Mientras seguías caminando con los ojos vidriosos y la piel erizada seguías observando zonas como el paredón de fusilamiento, las cámaras de gas o los laboratorios donde los médicos realizaban sus experimentos con los propios presos.

Más lugares como la gran plaza donde los nazis pasaban lista o las enormes vallas que rodean el campo. Muy segura entonces, de la que sólo fueron capaces dos presos de escapar de ellas.

Aún no eras capaz de creerte que todo eso pasó allí. Creo que con estos datos es suficiente como definición del campo I, hay más zonas aterradoras como ver sus minúsculas habitaciones, los baños, etc. Aún me sigue costando escribir estas líneas recordando la visita.

Paredón de fusilamiento

Auschwitz Birkanau

Una vez terminada la ruta nos dirigimos a Birkanau, al estar a 3 kilómetros de distancia tuvimos que tomar el bus. Apenas queda nada, pero la mayor parte de asesinatos fueron aquí. Quizás al estar más vacío no impactó como la primera visita, pero la historia era todavía más cruel. 

En un paraje inmenso, donde se encontraban hornos crematorios, cámaras de gas que podían fulminar a más de 2500 personas por turno. Todo ello comunicado con unas vías de tren, con la que transportaban hasta aquí los presos o su carga mortal más tarde. 

Entrada a Birkanau

Es imprescindible contar aquí con un guía ya que está la mayoría destrozado. Lo poco queda en pie y lo que allí hubo nos lo explicó perfectamente. Entre otras cosas las fotos que estaban expuestas, donde se ve a grupos inmensos de gente que iban directos hacia la cámara de gas. En ella no se les veía con miedo o asustados, eran engañados comentándoles que iban a ser trasladados a un lugar mejor.

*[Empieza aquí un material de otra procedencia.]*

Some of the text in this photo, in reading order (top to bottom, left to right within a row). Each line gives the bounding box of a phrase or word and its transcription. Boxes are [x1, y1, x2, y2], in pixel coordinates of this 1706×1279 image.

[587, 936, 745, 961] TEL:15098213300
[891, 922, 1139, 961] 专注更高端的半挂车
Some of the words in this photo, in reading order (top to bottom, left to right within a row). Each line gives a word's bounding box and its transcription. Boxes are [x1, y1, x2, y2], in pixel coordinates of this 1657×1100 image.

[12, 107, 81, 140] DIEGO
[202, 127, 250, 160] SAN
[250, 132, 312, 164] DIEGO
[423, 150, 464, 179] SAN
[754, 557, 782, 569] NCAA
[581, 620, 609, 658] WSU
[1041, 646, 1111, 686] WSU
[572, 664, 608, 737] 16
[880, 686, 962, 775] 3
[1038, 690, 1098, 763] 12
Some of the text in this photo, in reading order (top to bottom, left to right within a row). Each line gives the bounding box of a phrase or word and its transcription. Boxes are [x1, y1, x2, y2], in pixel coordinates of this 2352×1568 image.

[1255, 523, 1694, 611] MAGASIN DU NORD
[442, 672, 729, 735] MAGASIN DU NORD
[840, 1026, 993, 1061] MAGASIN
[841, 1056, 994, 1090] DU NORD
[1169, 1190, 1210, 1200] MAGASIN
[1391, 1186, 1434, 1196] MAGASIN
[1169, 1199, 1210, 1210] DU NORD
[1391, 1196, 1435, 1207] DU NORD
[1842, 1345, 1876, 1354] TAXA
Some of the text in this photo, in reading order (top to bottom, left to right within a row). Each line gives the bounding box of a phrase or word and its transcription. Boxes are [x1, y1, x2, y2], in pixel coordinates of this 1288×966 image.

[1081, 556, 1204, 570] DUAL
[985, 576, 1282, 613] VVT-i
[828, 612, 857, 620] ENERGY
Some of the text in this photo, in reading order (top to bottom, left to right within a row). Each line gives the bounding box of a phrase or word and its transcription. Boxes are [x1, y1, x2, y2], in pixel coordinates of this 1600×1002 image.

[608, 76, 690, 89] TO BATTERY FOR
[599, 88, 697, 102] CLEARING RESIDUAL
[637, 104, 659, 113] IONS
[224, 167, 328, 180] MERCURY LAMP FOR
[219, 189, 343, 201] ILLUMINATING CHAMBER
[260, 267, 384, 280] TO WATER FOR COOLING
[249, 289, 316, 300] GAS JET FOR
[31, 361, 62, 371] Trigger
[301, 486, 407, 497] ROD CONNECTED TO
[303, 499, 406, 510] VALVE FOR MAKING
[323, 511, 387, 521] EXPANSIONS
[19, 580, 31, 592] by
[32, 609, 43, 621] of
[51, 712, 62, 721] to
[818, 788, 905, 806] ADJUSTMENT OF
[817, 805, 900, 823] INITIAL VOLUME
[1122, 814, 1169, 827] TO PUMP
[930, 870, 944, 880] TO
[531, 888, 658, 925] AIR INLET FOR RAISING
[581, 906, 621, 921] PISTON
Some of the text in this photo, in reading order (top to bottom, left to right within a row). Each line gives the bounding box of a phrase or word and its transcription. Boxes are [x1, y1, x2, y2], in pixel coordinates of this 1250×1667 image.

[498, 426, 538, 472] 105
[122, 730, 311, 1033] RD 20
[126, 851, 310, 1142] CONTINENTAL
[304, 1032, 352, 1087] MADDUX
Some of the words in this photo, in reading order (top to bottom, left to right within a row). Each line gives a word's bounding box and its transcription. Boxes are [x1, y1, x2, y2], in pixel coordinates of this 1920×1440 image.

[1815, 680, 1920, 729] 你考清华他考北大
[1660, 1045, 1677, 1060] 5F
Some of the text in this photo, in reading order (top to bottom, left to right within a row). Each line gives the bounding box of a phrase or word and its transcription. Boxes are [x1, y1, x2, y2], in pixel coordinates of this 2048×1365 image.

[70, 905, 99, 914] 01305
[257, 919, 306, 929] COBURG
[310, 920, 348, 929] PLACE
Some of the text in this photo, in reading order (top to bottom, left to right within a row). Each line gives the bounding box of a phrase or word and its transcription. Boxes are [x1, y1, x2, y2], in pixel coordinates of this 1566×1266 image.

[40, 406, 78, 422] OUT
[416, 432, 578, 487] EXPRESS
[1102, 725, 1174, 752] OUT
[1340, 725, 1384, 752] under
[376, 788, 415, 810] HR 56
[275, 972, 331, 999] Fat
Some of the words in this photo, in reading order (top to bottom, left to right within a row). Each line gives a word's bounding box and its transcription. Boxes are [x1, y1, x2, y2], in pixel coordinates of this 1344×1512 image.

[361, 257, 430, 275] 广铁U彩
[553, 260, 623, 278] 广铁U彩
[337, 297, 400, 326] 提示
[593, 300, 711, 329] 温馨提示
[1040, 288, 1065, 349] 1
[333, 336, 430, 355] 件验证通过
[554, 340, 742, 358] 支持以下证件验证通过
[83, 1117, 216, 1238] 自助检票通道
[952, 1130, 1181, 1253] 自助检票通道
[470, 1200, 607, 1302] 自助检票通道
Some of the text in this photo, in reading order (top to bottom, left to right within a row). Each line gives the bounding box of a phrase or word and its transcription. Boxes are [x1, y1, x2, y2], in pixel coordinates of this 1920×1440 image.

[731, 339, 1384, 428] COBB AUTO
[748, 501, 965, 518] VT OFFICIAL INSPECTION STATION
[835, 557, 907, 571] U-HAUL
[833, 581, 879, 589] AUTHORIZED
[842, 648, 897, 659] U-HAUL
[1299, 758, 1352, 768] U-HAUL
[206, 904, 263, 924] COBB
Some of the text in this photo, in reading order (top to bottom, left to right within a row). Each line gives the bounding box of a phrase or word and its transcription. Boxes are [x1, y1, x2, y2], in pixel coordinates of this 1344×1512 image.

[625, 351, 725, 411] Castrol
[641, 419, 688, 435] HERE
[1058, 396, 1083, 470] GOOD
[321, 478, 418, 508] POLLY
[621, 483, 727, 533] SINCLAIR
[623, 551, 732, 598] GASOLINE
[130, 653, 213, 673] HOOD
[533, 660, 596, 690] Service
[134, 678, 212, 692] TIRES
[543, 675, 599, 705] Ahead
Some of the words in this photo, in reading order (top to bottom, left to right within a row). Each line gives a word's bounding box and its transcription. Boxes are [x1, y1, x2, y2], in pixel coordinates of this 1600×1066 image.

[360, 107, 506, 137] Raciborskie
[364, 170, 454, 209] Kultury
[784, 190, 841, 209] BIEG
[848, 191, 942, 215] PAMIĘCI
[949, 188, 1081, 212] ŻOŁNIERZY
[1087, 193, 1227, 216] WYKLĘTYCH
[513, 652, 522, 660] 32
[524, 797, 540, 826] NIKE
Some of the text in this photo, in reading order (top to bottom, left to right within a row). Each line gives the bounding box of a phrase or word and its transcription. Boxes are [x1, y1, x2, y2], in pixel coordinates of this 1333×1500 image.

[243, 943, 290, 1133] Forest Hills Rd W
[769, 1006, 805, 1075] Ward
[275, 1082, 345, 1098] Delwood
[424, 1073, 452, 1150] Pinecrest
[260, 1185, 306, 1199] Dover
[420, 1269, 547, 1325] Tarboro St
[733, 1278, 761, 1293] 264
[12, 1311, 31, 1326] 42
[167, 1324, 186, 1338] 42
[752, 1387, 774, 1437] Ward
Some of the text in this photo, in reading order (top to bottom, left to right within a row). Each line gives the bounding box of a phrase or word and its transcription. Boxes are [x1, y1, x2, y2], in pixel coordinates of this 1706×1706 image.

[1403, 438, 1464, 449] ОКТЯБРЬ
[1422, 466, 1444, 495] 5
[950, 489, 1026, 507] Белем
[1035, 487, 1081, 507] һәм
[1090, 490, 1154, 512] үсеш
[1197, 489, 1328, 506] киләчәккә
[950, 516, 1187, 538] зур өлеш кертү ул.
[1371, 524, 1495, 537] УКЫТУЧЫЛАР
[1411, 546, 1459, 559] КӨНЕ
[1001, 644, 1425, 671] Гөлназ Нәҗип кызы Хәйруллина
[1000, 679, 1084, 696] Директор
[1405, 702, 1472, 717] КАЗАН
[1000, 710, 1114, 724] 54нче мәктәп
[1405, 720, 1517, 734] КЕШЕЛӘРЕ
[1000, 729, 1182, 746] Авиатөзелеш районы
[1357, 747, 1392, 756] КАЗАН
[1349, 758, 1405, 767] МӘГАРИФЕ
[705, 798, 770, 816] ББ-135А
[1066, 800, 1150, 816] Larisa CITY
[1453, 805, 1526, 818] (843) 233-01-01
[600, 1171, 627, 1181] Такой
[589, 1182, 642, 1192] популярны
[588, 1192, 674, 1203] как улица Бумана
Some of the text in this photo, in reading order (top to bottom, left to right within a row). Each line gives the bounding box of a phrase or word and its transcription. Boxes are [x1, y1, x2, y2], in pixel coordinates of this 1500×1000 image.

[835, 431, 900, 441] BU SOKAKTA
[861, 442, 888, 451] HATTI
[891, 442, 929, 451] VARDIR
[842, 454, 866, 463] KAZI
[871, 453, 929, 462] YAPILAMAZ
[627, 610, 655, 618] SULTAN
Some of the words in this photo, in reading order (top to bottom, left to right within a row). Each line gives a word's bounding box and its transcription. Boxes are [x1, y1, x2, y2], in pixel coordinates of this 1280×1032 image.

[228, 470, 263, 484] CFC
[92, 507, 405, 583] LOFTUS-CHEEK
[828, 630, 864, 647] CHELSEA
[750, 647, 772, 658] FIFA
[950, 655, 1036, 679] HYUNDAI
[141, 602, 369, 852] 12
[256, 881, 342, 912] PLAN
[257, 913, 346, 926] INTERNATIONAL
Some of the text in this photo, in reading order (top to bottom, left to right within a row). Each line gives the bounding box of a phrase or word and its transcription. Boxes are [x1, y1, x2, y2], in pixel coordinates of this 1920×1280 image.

Hay zonas que están derruidas, son los hechos de que los nazis intentaron destruir las pruebas de esta atrocidad antes de perder la guerra. Se encuentra tal y como lo dejaron, por lo que parece que el tiempo no ha pasado. No impresionó tanto a la vista como el anterior campo, pero sí visionando en nuestra cabeza los horrores que estos campos soportaron.

También nos relataron las marchas de la muerte. Con el ejército soviético pisando los talones, los nazis abandonaron este campo con más de 50 mil prisioneros. Extenuados con largas jornadas de camino se llega a calcular que murieron más de 9000. Los que no podían caminar más por el cansancio eran fusilados y enterrados en el camino. En Auschwitz apenas quedaron 7000 personas que fueron liberadas por las tropas aliadas.

Una vez terminada la visita nos volvimos para el autobús para regresar a Cracovia, con pocas ganas de hablar y todavía con el nudo en el estómago presente.

Esta fue nuestra visita, triste pero necesaria. Fue la excursión más amarga que he hecho y creo que haré en mi vida, pero fundamental para abrir más la mente. Tenemos que estudiarlo, para ser conscientes de que estos hechos no pueden repetirse jamás.